It is a shame that the Apollo Core people seem to be so difficult to work with. I do gather from some of the chatter on the forums for their product it's in part because they have "investors" they're working with that might be trying to turn their work into a commercial ASIC, which means all sorts of disclosure/need-to-know issues crop up.

techknight · Dec 13, 2016

ZaneKaminski said:
Nooo, unfortunately I never planned for that. Emulating a different CPU complicates things. I planned to use the ROM from the machine as-is, and the software in the ROM only works under the assumption of the presence of some particular chipset.

68030 systems all have, for example, the Apple Sound Chip, which is absent from 68000 systems.
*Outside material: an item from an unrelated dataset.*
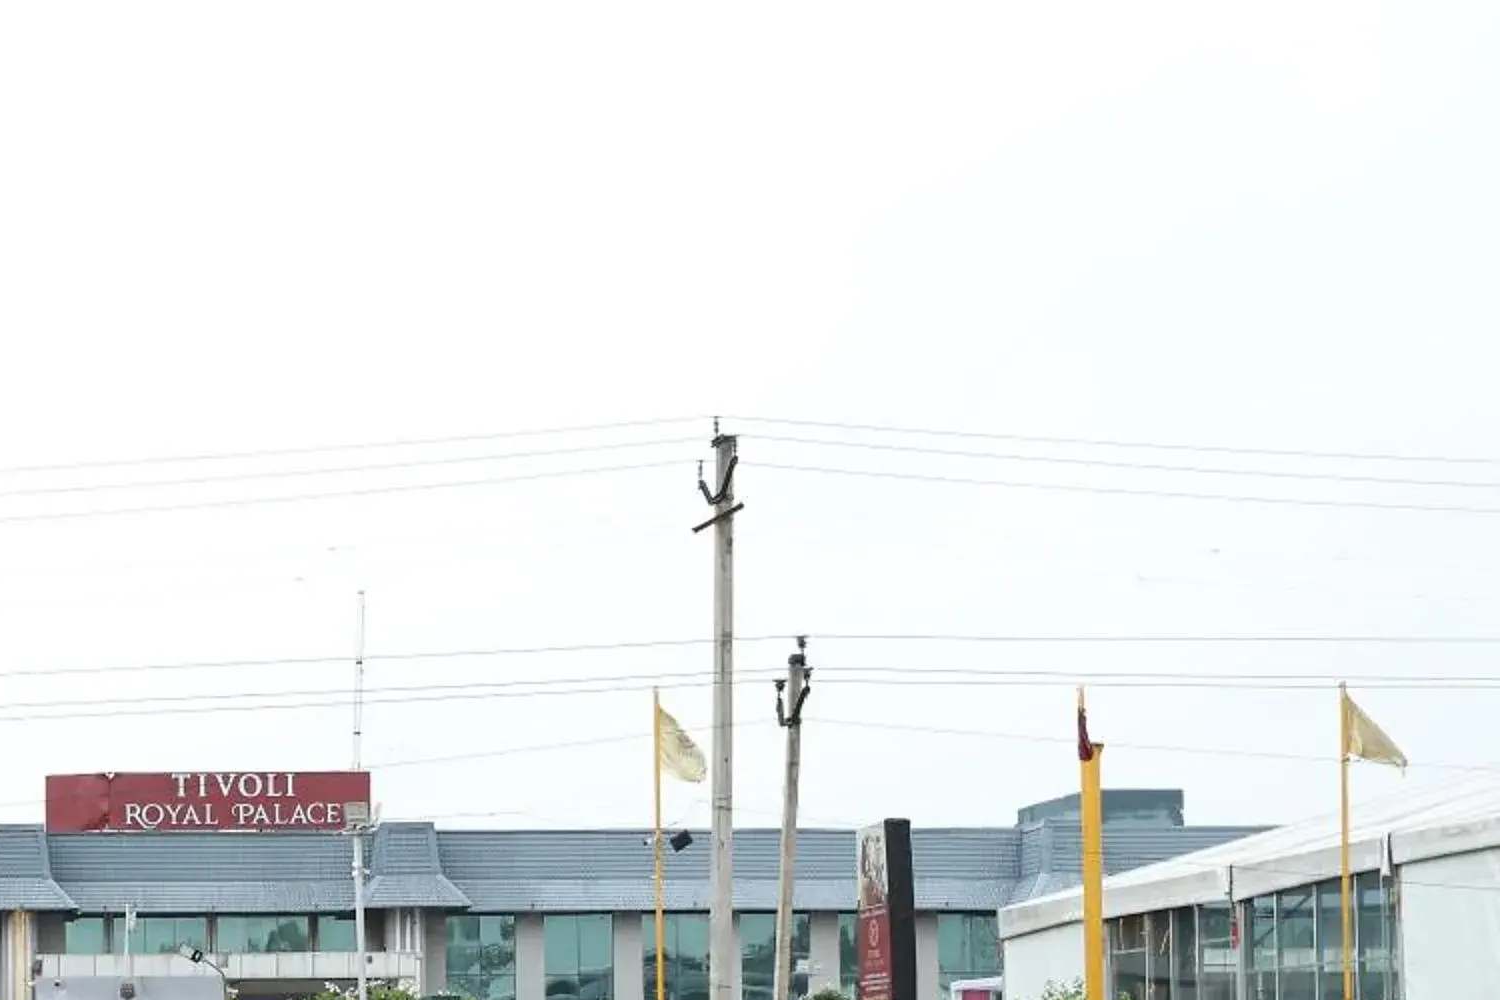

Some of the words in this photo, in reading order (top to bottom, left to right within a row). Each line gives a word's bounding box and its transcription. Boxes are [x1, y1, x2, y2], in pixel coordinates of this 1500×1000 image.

[171, 773, 296, 798] TIVOLI
[125, 803, 219, 828] ROYAL
[231, 802, 341, 825] PALACE
So that would need to be emulated, and accurate peripheral emulation is a project in and of itself. My aim is to emulate the exact same processor as comes in the machine, but seemingly executing many more instructions per clock.

What machine in particular did you want these more advanced features (web browser and 68020+) for?
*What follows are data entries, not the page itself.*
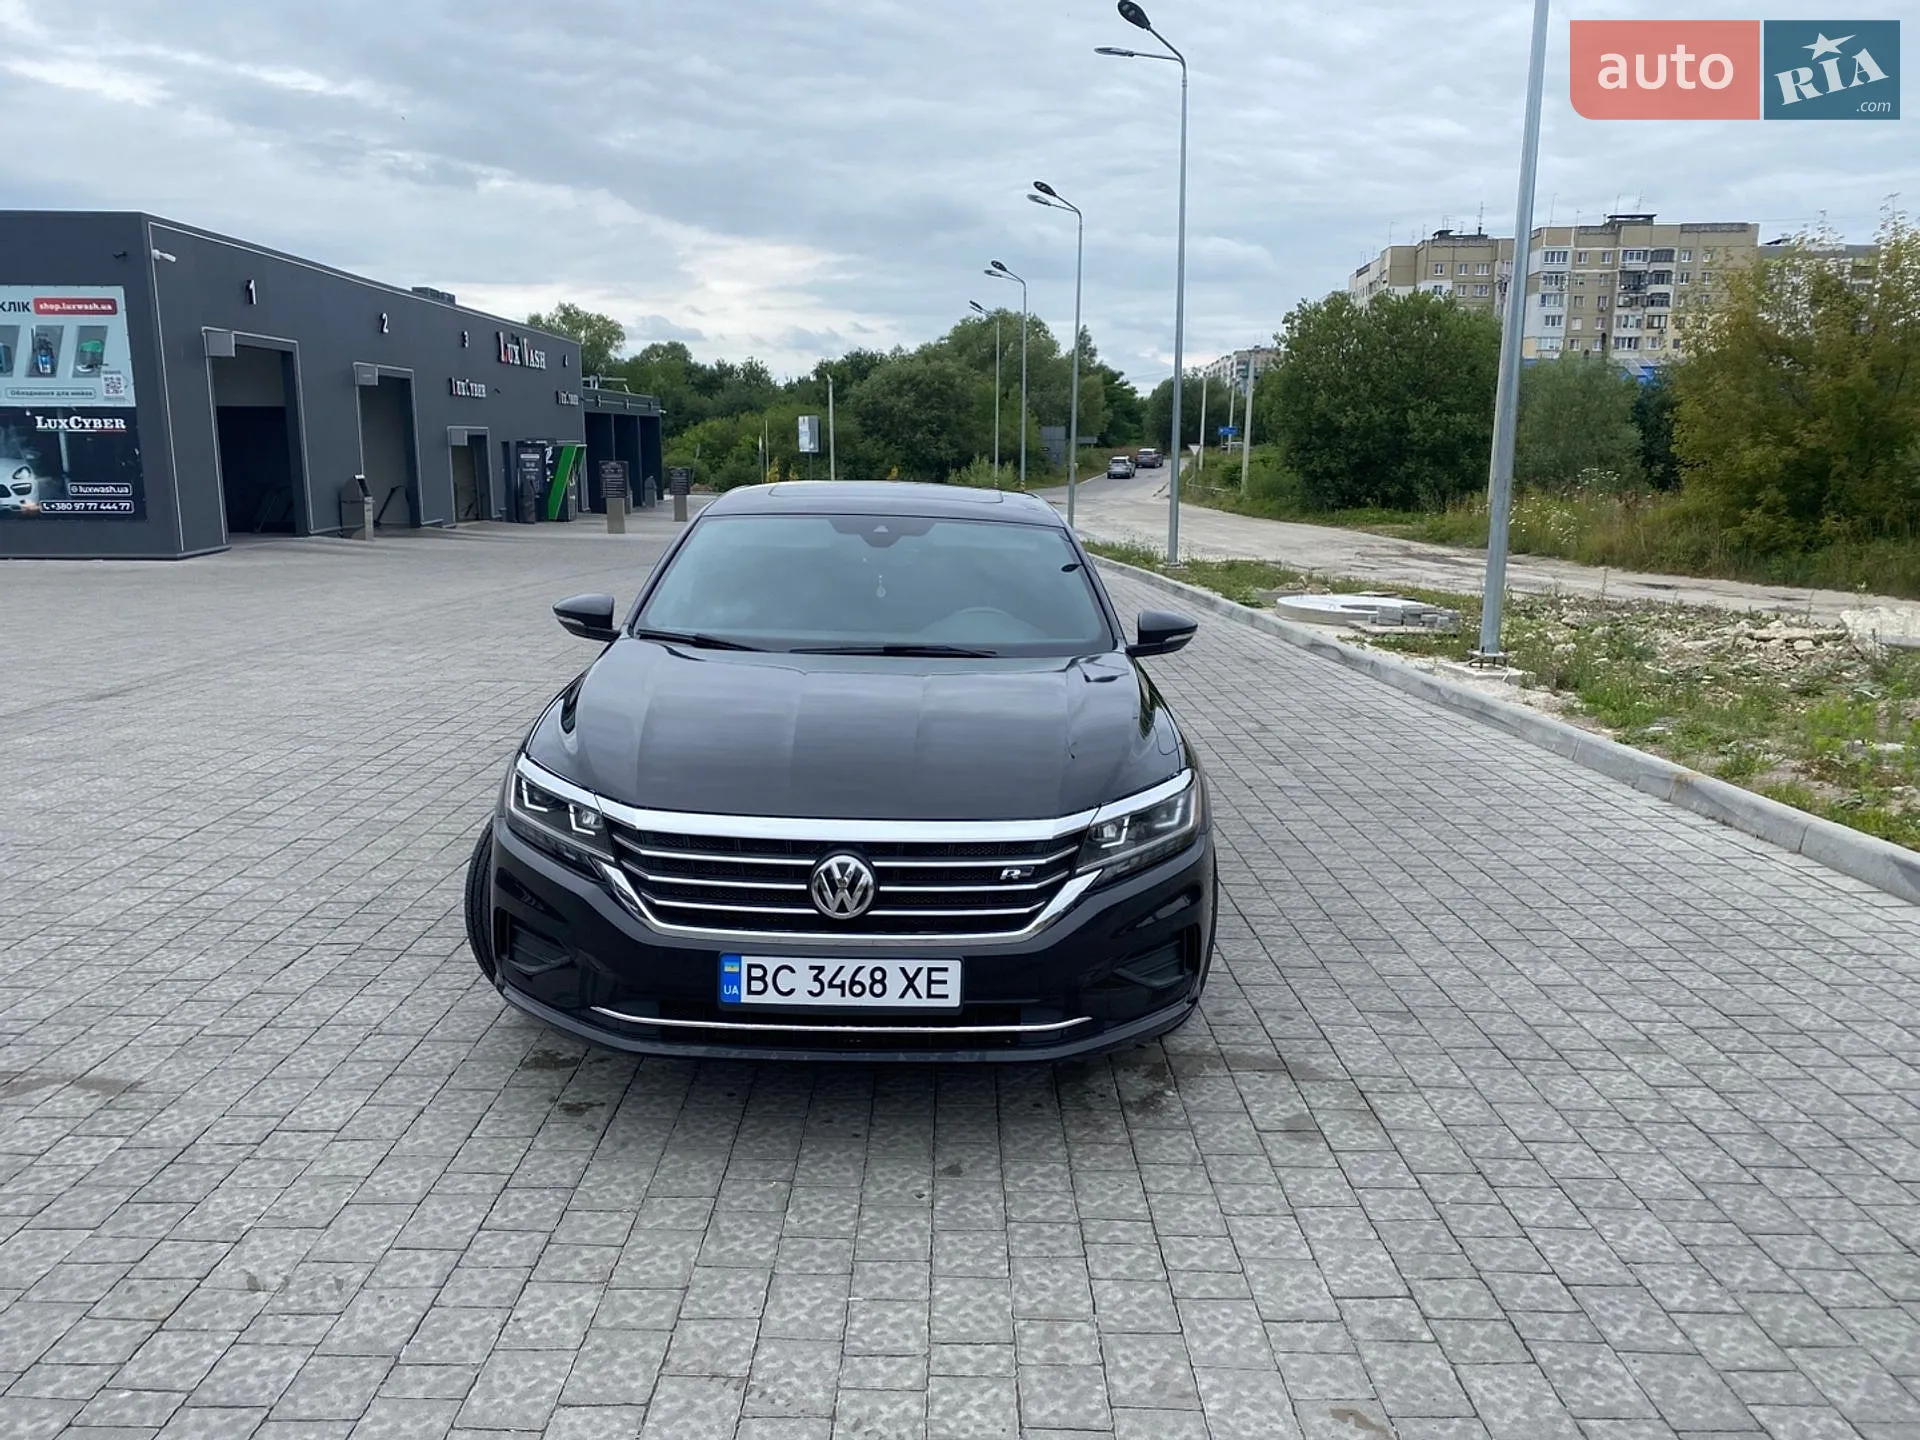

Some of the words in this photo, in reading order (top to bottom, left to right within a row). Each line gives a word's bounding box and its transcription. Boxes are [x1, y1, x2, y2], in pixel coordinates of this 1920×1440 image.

[248, 279, 257, 305] 1
[381, 312, 389, 334] 2
[724, 985, 739, 995] UA
[746, 963, 796, 996] BC
[807, 965, 887, 999] 3468
[899, 966, 949, 999] XE
For Plus and SE, if you want 68030, the solution is to upgrade to SE/30 and get the accelerator for that. For your Portable... there is no solution in the exact same form-factor. PB140/170 is the closest.

Darnit.... Well.. that blows my plans to bits.

I need a 68020+ accelerator/CPU for the Portable which is a 16Mhz base 68000. You need a 68020 or higher to support the CFM68K runtime.

Reason I need a CFM68K runtime is so I can run RealBASIC applications which compile using that runtime. No, I cannot program in C or any other language very well except BASIC. I was going to write an MP3 player software that runs on my portable which controls a decoder card that I designed.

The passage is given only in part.